Debbie gets back from lunch one afternoon, and the fucking jewels are gone.
"What do you mean, gone," Lou growls into the phone. Debbie can hear the wind rushing past her as she drives at inadvisable speeds.
"I mean I got home, I looked in the fridge, and they were gone, they were fucking gone, Lou, I—"
"And there's no sign of who was there? What the fuck happened to the security?"
"Someone got past it. And no, there's no sign, what like there's be a fucking clue, this isn't Scooby . . . Doo . . . " Debbie trails off as she finally notices, in the center of the coffee table, sitting by itself, a plain white envelope with her name on it.
"Deb?" Lou asks, into the sudden silence.
"Get here." Debbie ends the call and walks to the table. With a trembling hand, she picks up the envelope.
"You're taking this seriously? A treasure hunt. Someone leaves you a note saying 'come find your treasure!' and you think it's a good idea. We need to get out of the country."
"I think it's for real," Debbie says.
"I'm serious, you can come to England with me, my warrants have all expired, I'll say you're my wife—"

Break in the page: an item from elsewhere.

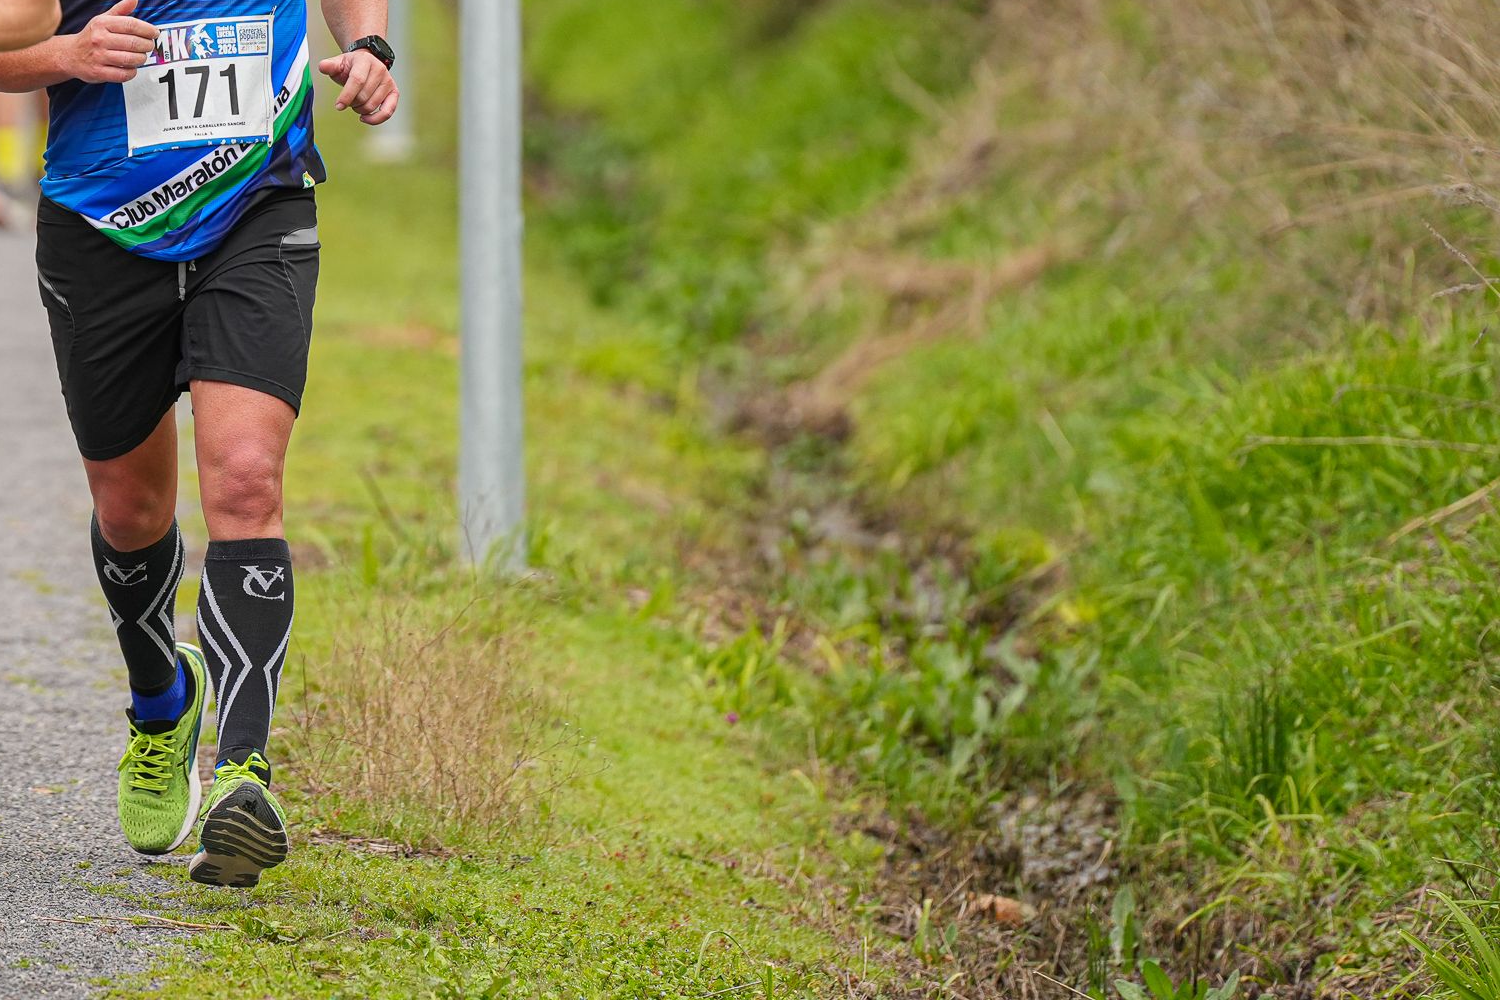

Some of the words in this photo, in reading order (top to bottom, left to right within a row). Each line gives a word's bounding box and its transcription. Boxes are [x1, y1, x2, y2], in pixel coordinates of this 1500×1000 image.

[218, 43, 238, 55] 2026
[158, 63, 240, 120] 171
[109, 200, 157, 230] Club
[151, 144, 239, 210] Maratón

"I think we should do it."
Lou shakes her head. "And not inform the others? What if you're wrong?"
"Then they're all gonna have a lot of years to be pissed at me while we're all serving time together." Debbie looks up at her, and smiles with all the confidence she's not feeling, the shark-tooth grin that used to make Lou agree to anything. She's not sure it'll work, but then Lou's expression crumples into defeat, and Debbie figures that there's still something left of their old spark.
Something. She's still not sure how much, and for all the time she spent plotting in prison, she's not sure how to find out.
"Come on, Daphne" she says, standing up and putting on her jacket. "We've got a clue to follow."
"Daphne?" Lou's tone is incredulous as she falls into step behind Debbie. "What, does that make you Velma?"
Debbie puts on her sunglasses. "I'm Fred, obviously."
It's not one clue, but a trail of clues, all leading to nonsensical locations, like some criminal version of a scavenger hunt: to move from one clue to the next, they have to solve puzzles, finesse people for information, break into a bank vault, steal a cat (briefly), and go undercover as French art dealers. It's fun as far as it goes, but after a few hours of this, Debbie gets annoyed and starts looking through their stack of clue-letters for meta-clues.
"What, you're gonna profile the puzzlemaker and get us to the end, is that it?"
"Something like that."
"Well, you—look, you can't do it like that, here, let me—"
After a few minutes of squabbling, they manage to work together, putting together some of the clues within the clues to try to figure out where this trail might eventually be leading them.
"If we can get ahead of them, we can catch them in the act. Then we'll have some leverage."
Lou's frowning down at the pattern they've assembled. "Uh, Debs," she says, pointing. "Look where it leads."
"Oh, fuck," Debbie says.
They race for Lou's car and gun it back to the safehouse.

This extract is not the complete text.